With all the talk of asteroid YU55 whizzing by the Earth recently, I though it would be appropriate to point out a few things. Asteroid YU55 was interesting from a statistical standpoint because of the rarity of its close approach to Earth. YU55 was interesting from an intellectual standpoint because we can gain all kinds of new information about asteroids with our telescopes (both optical and radio) from such a close pass.
But visually, it should have been interesting to only the most dedicated (and obsessed) star gazers. At closest approach and looking through a large telescope it only looked like an extremely faint and slow moving ‘star’. Yet everyone wanted to see it!

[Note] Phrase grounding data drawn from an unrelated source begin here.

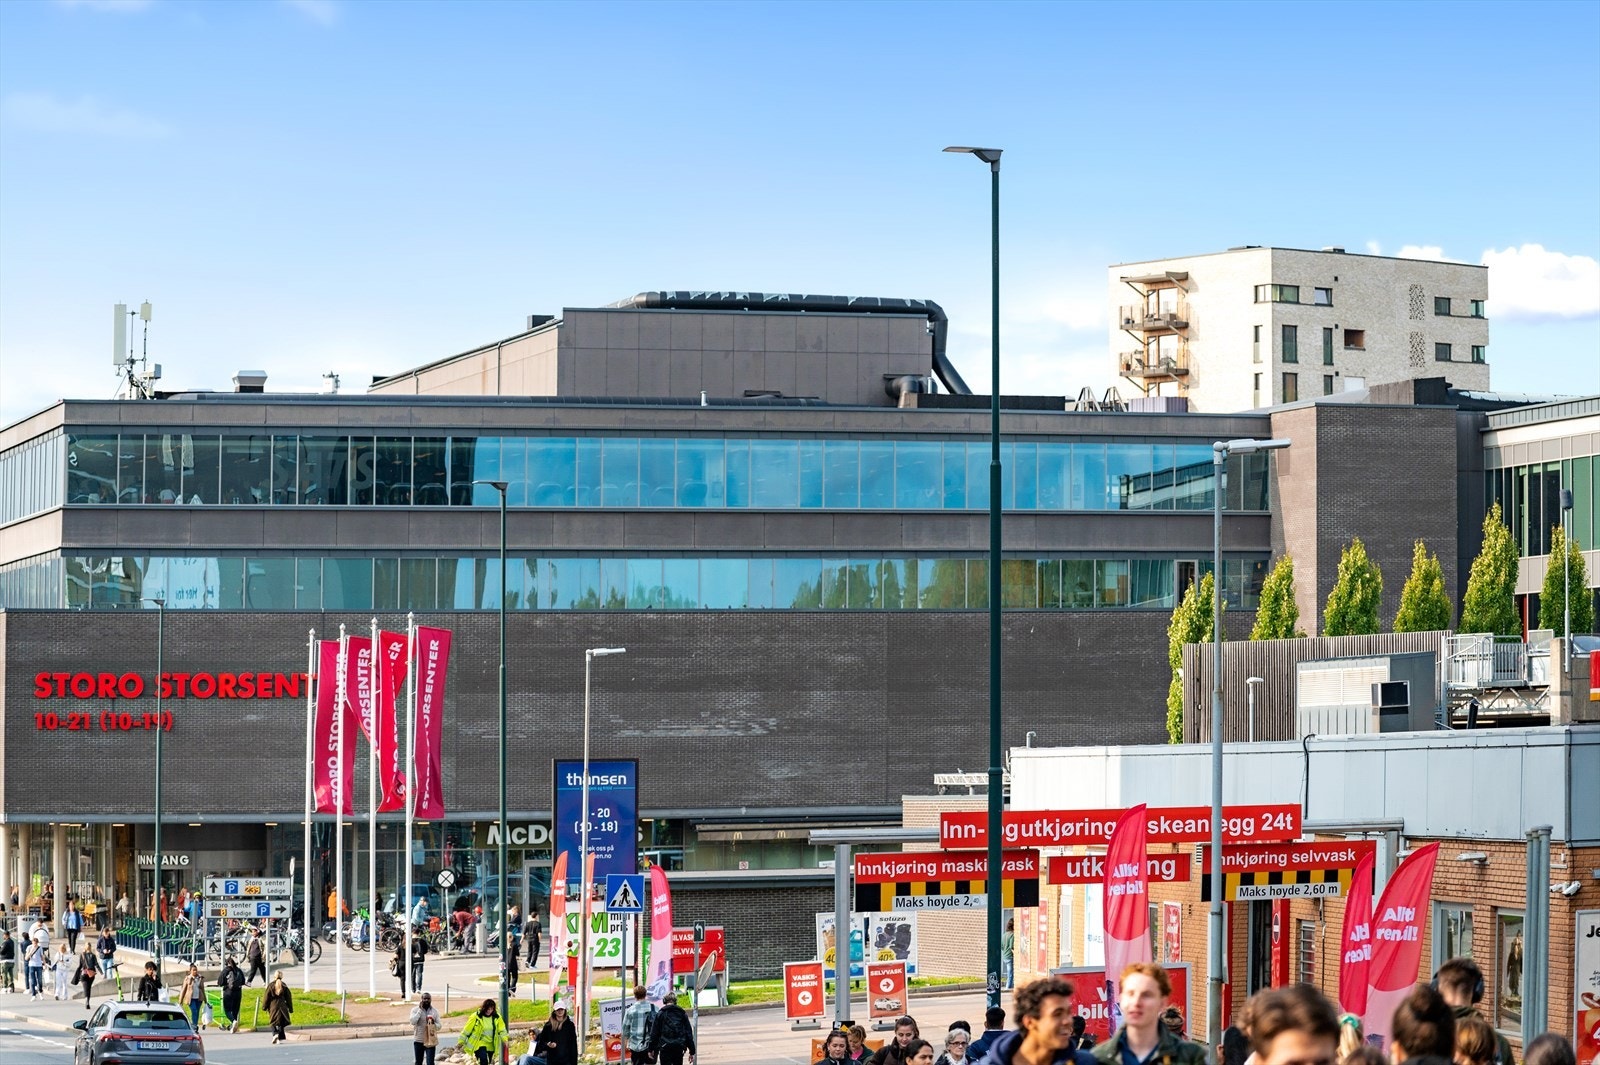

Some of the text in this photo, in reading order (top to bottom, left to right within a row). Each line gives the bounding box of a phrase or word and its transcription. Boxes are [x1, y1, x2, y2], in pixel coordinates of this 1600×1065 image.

[34, 672, 319, 698] STORO STORSENT
[35, 711, 173, 731] 10-21 (10-19)
[597, 808, 610, 818] 20
[601, 821, 618, 834] 18)
[943, 819, 985, 839] Inn-
[1260, 811, 1293, 833] 24t
[1220, 848, 1356, 868] nnkjøring selvvask
[857, 856, 1034, 878] Innkjøring maskivask
[267, 887, 286, 895] Ledige
[1239, 883, 1338, 899] Maks høyde 2,60 m
[895, 896, 924, 908] Maks
[927, 895, 960, 910] høyde
[791, 973, 818, 981] VASKE-
[870, 968, 903, 976] SELVVASK
[791, 980, 818, 988] MASKIN

In my perspective, there are much more interesting (and beautiful) things to see in the night sky both naturally occurring and man-made. The planet Jupiter for example, is that bright ‘star’ high in the east after dark. Ever see Jupiter’s four Galilean moons, its cloud bands, or its red spot? How about nebulae, galaxies, or star clusters?

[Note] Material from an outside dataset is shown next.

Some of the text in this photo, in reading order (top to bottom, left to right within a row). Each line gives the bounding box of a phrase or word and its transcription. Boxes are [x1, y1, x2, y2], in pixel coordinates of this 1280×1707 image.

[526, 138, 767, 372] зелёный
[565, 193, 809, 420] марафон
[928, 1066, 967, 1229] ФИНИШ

One only needs to come to a Bowman Observatory viewing night (free) to do so. Located on Julian Curtiss School grounds, the observatory is open (weather permitting) on the second and fourth Tuesday of every month, from 7 to 9 p.m.

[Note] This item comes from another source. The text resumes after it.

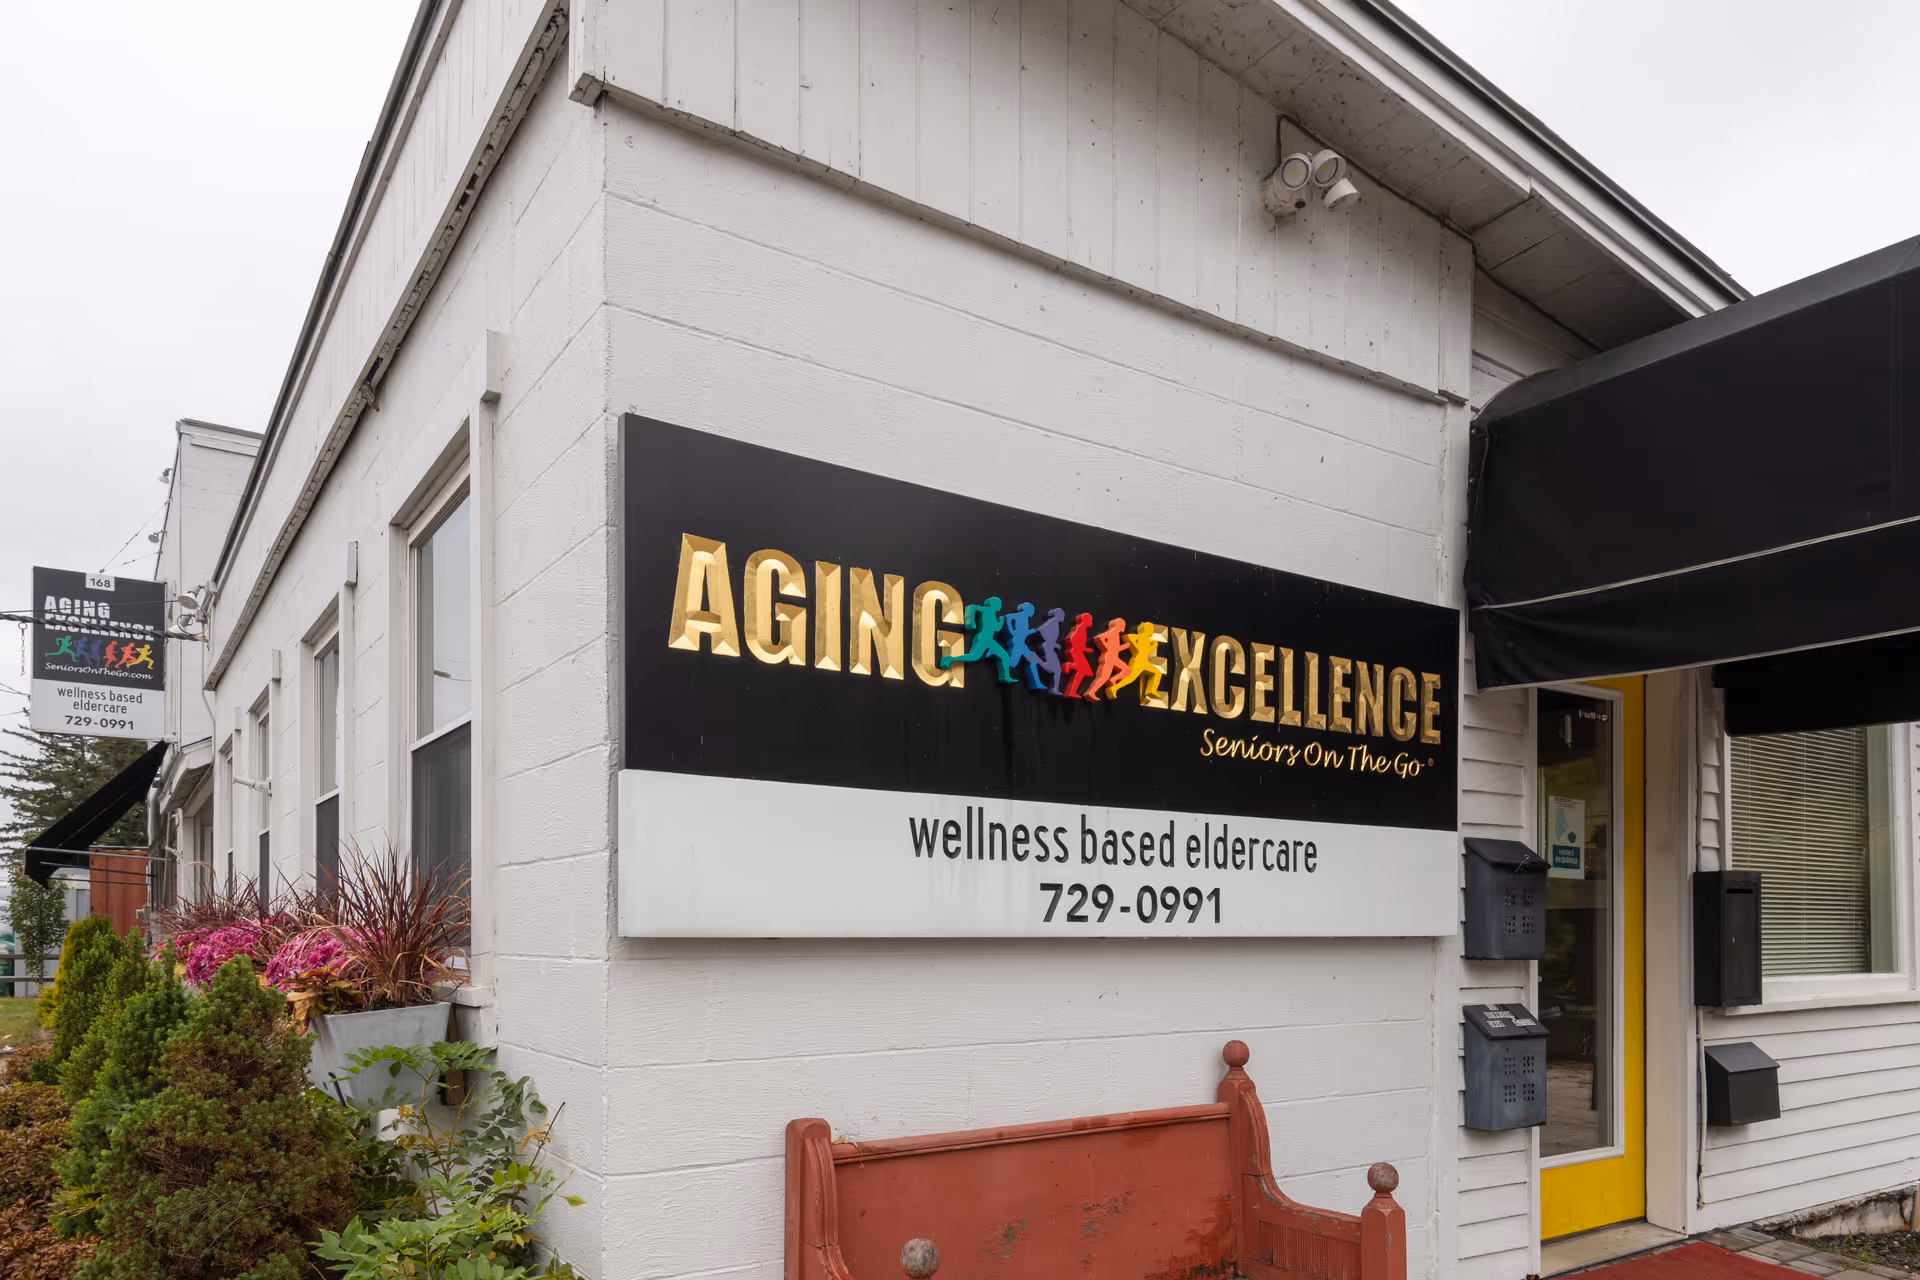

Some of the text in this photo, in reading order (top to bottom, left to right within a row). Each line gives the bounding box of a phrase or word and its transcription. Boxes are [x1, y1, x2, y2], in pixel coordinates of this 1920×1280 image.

Speaking of rare sights, check out my picture of the International Space Station and the Space Shuttle Discovery streaking though the skies over the Bowman Observatory. That was a sight to see. Can you find the Little Dipper in the picture?
My passion is taking images of the night sky, which I find both intellectually stimulating and beautiful. In the weeks and months ahead I hope to share them with you.